Przedostał się do Rumunii, choć najpierw jechał w stronę Polski, ale pokonanie tej trasy było niemożliwe. Jednak co się odwlecze, to nie uciecze… Niecały miesiąc później wylądował w Białymstoku, został wypożyczony do Jagiellonii i nie mógł sobie wymarzyć lepszego startu (2 mecze, 2 bramki). W ciągu kilku dni stał się nowym idolem kibiców, w czerwcu ub.r. przedłużył transfer czasowy, a sezon 2022/2023 zakończył jako król strzelców PKO Ekstraklasy i najlepszy napastnik ligi. 

Asystował mu Traore, FC Barcelona na niego nie liczyła

W futbolu zakochał się już jako szkrab. Dziadek sprezentował mu pierwszą piłkę. Tata, były zawodnik z występami w Segunda B, grał z nim na boisku, potem zabierał go na treningi do CF Badalona, klubu z przedmieść Barcelony, gdzie mieszkał.

Wychowywał się w pobliżu wielkiego futbolu, światowych gwiazd, wybitnego klubu, aż w końcu sam dołączył do szkółki "Blaugrany" i od małego patrzył na najlepszych. Zaczynał od występów w zespole z najmłodszej kategorii wiekowej, piłki 7-osobowej. Grał z Jose Machinem (obecnie AC Monza), asystował mu… Adama Traore, który rok temu chwilowo wrócił do "Barcy" na zasadzie wypożyczenia z Wolverhampton Wanderers.

Znalazł się w Disneylandzie, dorastał w magicznym miejscu, aczkolwiek rozstanie wiązało się z bólem, złością. – Czułem zdenerwowanie, gdy w Barcelonie powiedzieli mi, że już na mnie nie liczą. Dużo się tam nauczyłem, powrót do Badalony pomógł mi się poprawić – mówił Gual, któremu spodobała się oferta RDC Espanyol, więc postanowił ją przyjąć i wejść do seniorskiego futbolu. Przygotował się do tego w juniorach, poprzez pracę z Robertem Cuestą, który pomógł mu w przemianie od chłopca do piłkarza. Szybko odnalazł się w rezerwach, grających na 3. poziomie rozgrywkowym.

Grał z Ivim Lopezem, był częścią reprezentacji Hiszpanii U-21, spadł z ligi

Hiszpan odmówił przedłużenia umowy z RDC Espanyol, gdyż uważał, że nie ma tu szans na awans do pierwszego zespołu. Chciał piąć się w górę, wydostać się z III ligi, w której rywalizował z rezerwami. Dopiął swego, o czym świadczyło przejście do drugiej drużyny Sevilli, występującej na 2. szczeblu. Przybył do Andaluzji, by zwiększyć pole manewru w ataku, który stracił na jakości z powodu poważnej kontuzji Carlosa Fernandeza (Real Sociedad).

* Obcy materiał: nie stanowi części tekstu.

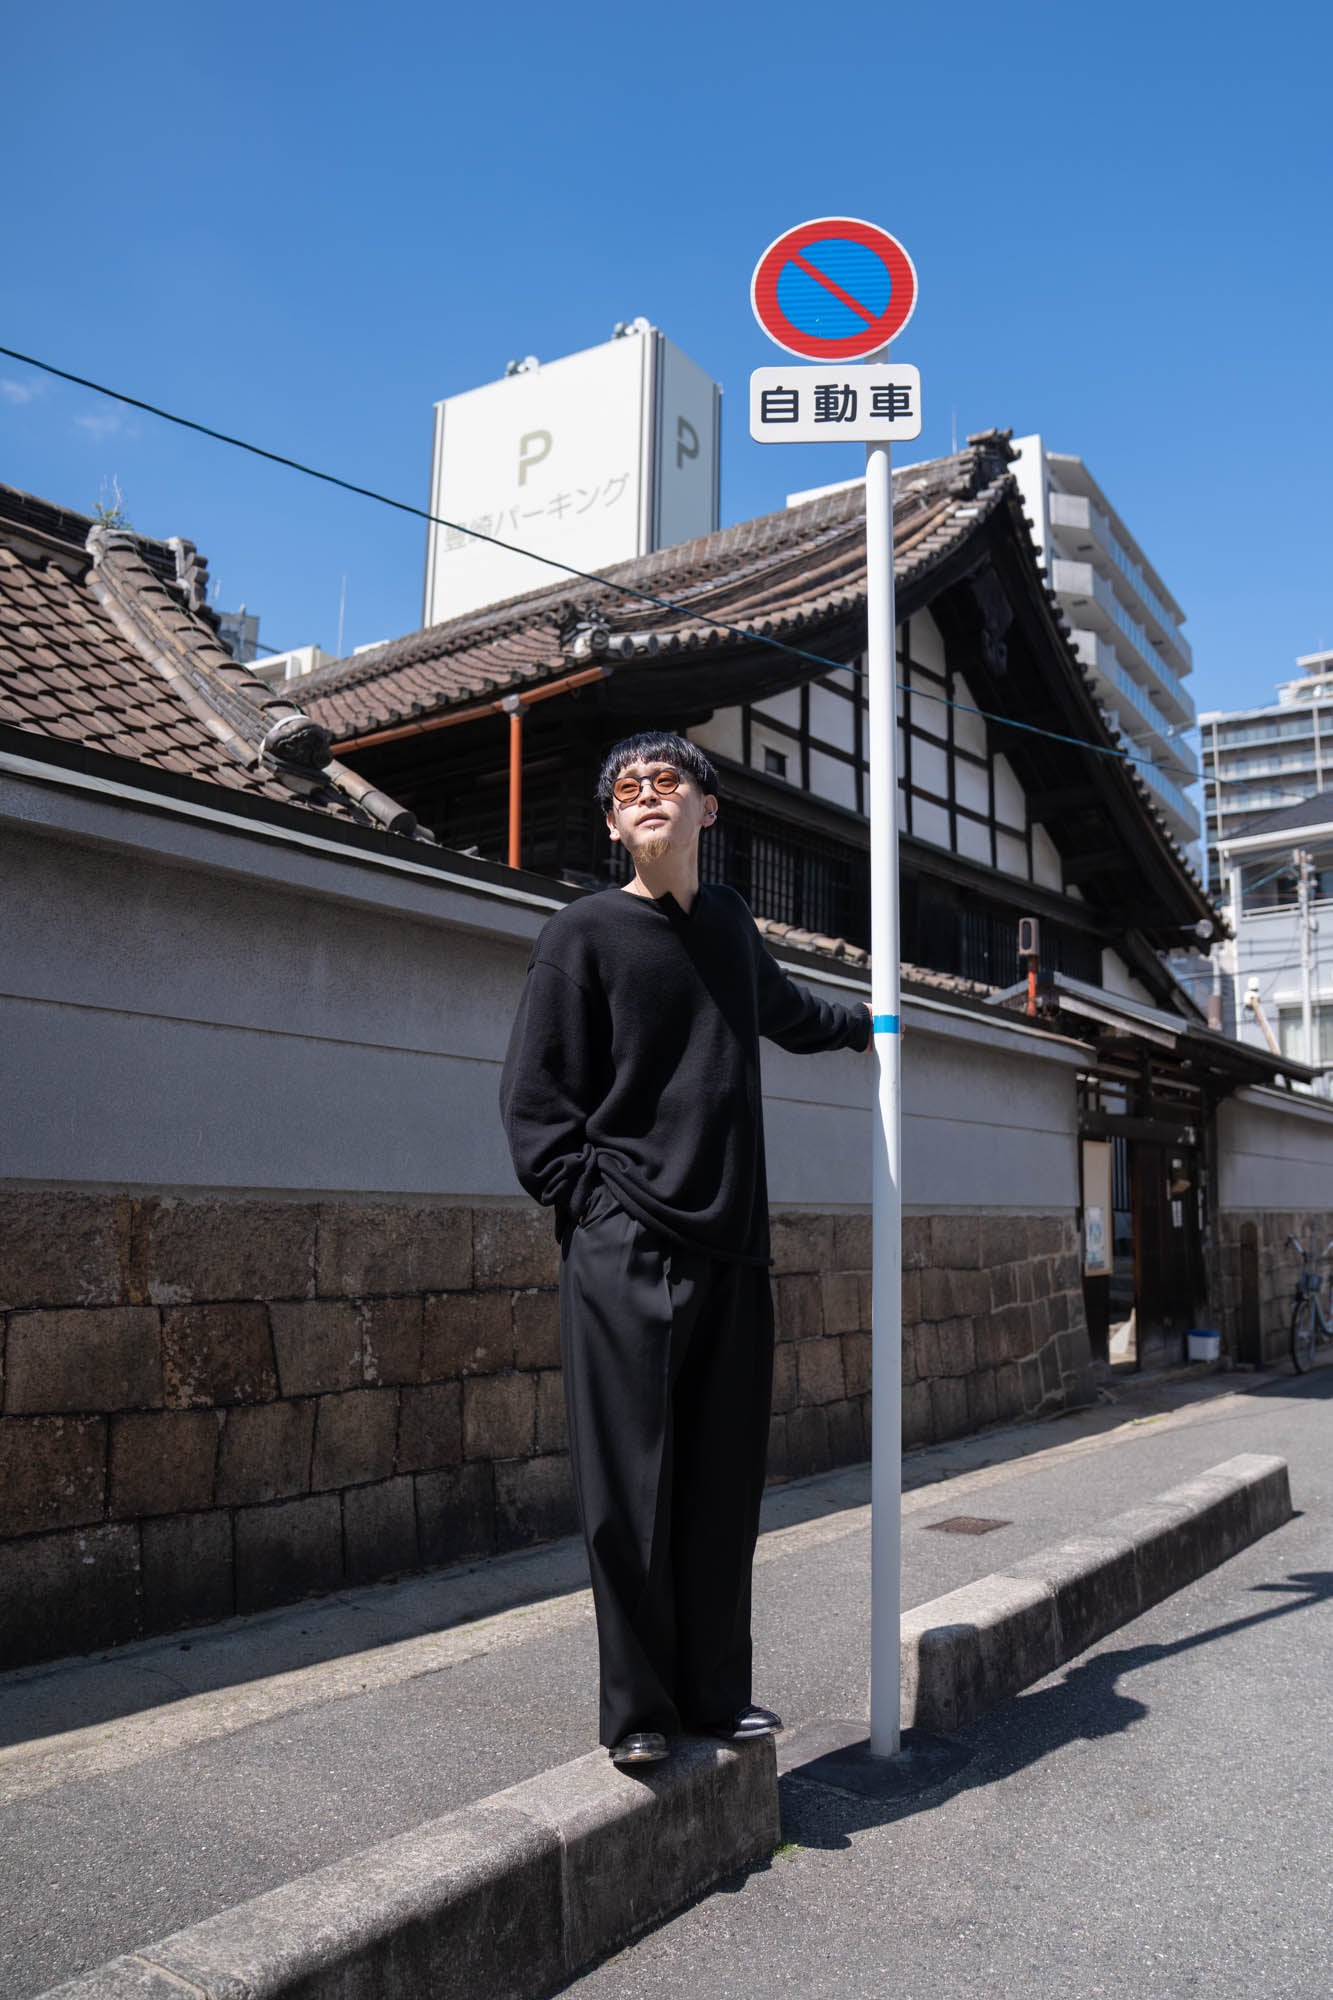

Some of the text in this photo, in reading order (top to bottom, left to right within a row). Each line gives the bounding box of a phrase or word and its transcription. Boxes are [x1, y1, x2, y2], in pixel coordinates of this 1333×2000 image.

Musiał przestawić się na szybsze granie, ale błyskawicznie zaaklimatyzował się w zespole, zdobył zaufanie, 14 bramek i 5 asyst w pierwszym sezonie w Sevilli Atletico. Wyrósł na bardzo istotnego zawodnika, świetnie dogadywał się z… Ivim Lopezem (Raków Częstochowa), który często asystował przy jego trafieniach, co działało też w drugą stronę. Gual radził sobie na tyle dobrze, że stał się częścią jednej z najbardziej utalentowanych reprezentacji Hiszpanii U-21 w ostatnich latach. – W pierwszych dwóch sesjach treningowych nie patrzyłem na piłkę, tylko na zawodników. Rodri, Merino, Soler, Oyarzabal, Ceballos... Celades (ówczesny selekcjoner młodzieżowej kadry – red.) powiedział mi, że jeśli tu jestem, to nie bez powodu – mówił napastnik.

Mimo obiecującej formy w rezerwach Sevilli, Gual nie otrzymał szansy w "jedynce". – Jeździłem na obozy za trenera Jorge Sampaoliego i Pablo Machina. Ciężko trenowałem, aby utrzymać się w pierwszej drużynie, ale w zespole była duża konkurencja. Najlepszym graczem okazał się wówczas Ever Banega. Robił bardzo dobre wrażenie, wielu młodych zawodników było wpatrzonych w niego jak w obrazek. Starałem się też podglądać zachowania i rozmawiać z Wissamem Ben-Yedderem. Byłem pod wielkim wrażeniem jego umiejętności – tłumaczył w rozmowie z Weszło.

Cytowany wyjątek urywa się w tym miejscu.